By Mary L. Walshok
If we all lived in Detroit, we wouldn’t have a problem defining our manufacturing sector. That’s a single-industry region where nearly everyone works in or around the automotive industry.
Such a description hardly applies to San Diego, where we make drones, golf equipment, surfboards, guitars, and beer — and, of course, biotech advances, aerospace components, industrial machinery, computer equipment, medical devices, information technologies, and electronics of all sorts.
Clearly, we’re not talking about your grandfather’s manufacturing.
The manufacturing industry in the U.S. has undergone a dramatic transformation; it’s not the kind of manufacturing it was decades ago. Today, San Diego’s advanced manufacturing careers are complex and diverse, requiring a myriad of high-tech skills in computers, high-precision instruments, robotics, and much more.

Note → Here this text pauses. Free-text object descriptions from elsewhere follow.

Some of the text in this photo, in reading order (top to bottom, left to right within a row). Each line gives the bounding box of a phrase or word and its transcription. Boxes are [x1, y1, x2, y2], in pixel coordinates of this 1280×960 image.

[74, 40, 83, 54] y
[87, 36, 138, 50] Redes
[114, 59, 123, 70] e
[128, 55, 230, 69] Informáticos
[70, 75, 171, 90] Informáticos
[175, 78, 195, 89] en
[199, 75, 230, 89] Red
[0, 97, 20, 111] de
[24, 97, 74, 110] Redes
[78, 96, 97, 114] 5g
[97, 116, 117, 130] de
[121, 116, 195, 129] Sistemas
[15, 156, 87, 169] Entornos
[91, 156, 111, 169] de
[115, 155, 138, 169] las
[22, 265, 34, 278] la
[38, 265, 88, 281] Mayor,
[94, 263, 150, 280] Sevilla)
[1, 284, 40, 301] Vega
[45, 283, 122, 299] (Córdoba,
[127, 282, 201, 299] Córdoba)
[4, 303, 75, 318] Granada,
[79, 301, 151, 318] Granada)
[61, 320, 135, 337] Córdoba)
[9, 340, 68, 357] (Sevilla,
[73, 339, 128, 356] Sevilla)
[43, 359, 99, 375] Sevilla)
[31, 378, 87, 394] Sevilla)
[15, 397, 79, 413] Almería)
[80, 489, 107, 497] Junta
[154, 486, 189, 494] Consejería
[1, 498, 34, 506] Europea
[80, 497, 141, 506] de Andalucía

Based on research we recently conducted for the San Diego Workforce Partnership, the value of advanced manufacturing — which includes related R&D and technical services — to our regional economy is substantial:
- 10 percent of all companies;
- 15 percent of all paid employment;
- 22 percent of annual regional payroll; and
- 23 percent of our gross regional product
By any measure, advanced manufacturing is a growing force in San Diego County. In each of these highly-specialized industries, a wide range of technical and production skills are required.
This past year, there were close to 170,000 people working in design, fabrication, production and technical manufacturing in the region. More than 80 percent of these firms employ less than 20 people, small shops filled with highly-trained technicians.

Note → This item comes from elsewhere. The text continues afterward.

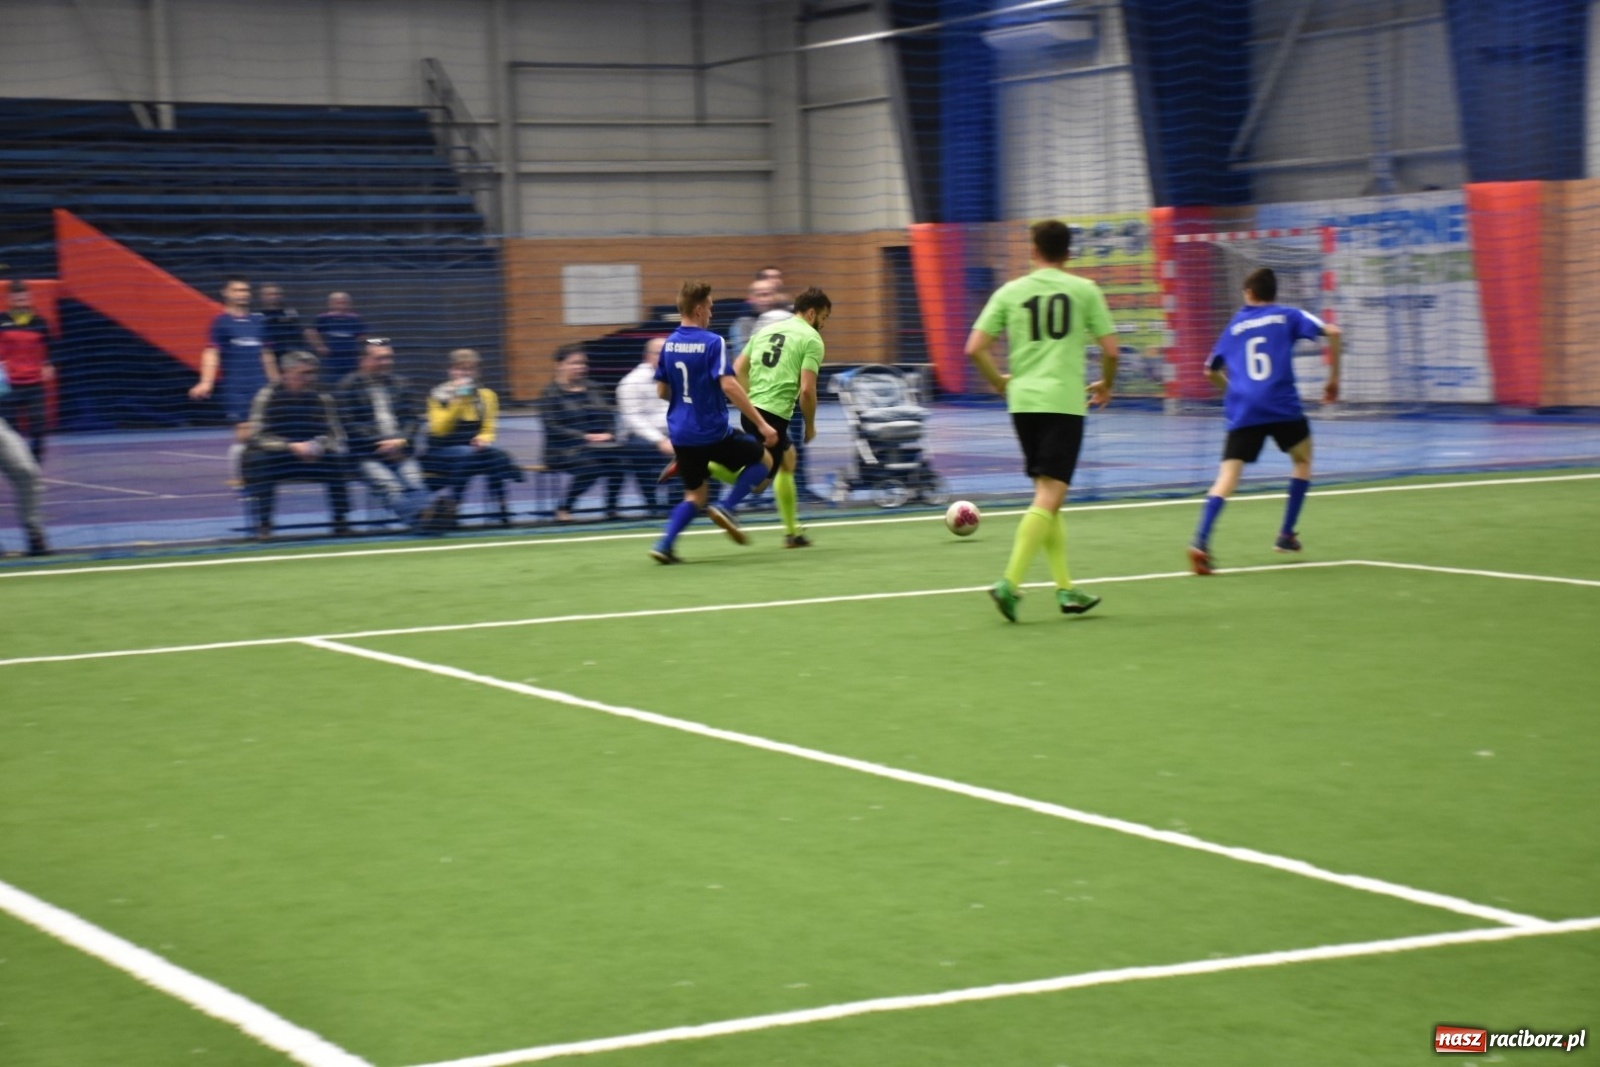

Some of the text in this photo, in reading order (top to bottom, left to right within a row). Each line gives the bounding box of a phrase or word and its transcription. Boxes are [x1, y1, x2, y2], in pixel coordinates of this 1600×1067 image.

[1022, 293, 1071, 341] 10
[761, 333, 786, 369] 3
[1245, 336, 1272, 381] 6

Our data suggests that even the lowest-wage jobs in this sector are above minimum wage. So we should be celebrating and supporting the growth of these jobs.
Indeed, advanced manufacturing in our region has an economic impact that’s nearly equivalent to that of high tech.
While average high-tech salaries are higher — $75,000-plus for manufacturing and $100,000-plus for high-tech — advanced manufacturing is a significant employment sector that’s keeping a strong middle class in San Diego. It’s also helping innovative companies become more competitive.
In our view, advanced manufacturing includes a wide web of jobs in research and development, production, distribution, marketing, and management. The complexity of training for these jobs, however, makes it difficult for educators and institutions to design targeted curriculum to meet this increasing demand.
Our research revealed a large gap between available jobs and the training required to perform those jobs. Universities aren’t doing enough. Community colleges aren’t doing enough. Workforce partnerships need to re-think how they allocate resources. In this way, we can help to close that gap.
Today’s educational institutions have the ability to adapt and to change, to have the partnerships and institutional mechanisms so that we can quickly help more people re-focus, re-tool and re-skill as part of a life-long learning model. There’s plenty of evidence that our region has done this better than a lot of others throughout the state and nation.
Our challenge is: Can we continue to adapt?
For example, the career-bridging courses and certificate programs we offer at UC San Diego Extension offer pathways for someone with basic programming skills, even welding skills, to move into a new or more advanced career. We introduce them to the requirements, the materials, and the machines needed to enter these new industries.
Moreover, most of these courses are taught by professionals, experts in those industries, who provide the latest hand’s-on knowledge. In working together, instructors and students form networks that encourage learning and job advancement.
These types of bridge-to-employment programs at our universities — including community colleges — are becoming increasingly marginalized. In my view, as a region we need to put more funding and support behind them. Through close collaboration, I know we can do that successfully.
Mary L. Walshok, Ph.D., serves as UC San Diego’s associate vice chancellor of public programs, dean of UCSD Extension and adjunct professor of sociology. A subject matter expert on regional innovation economies, she is the author of “Closing America’s Job Gap,” which encourages the pursuit of life-long learning to ensure competitive companies and rewarding careers in the age of innovation.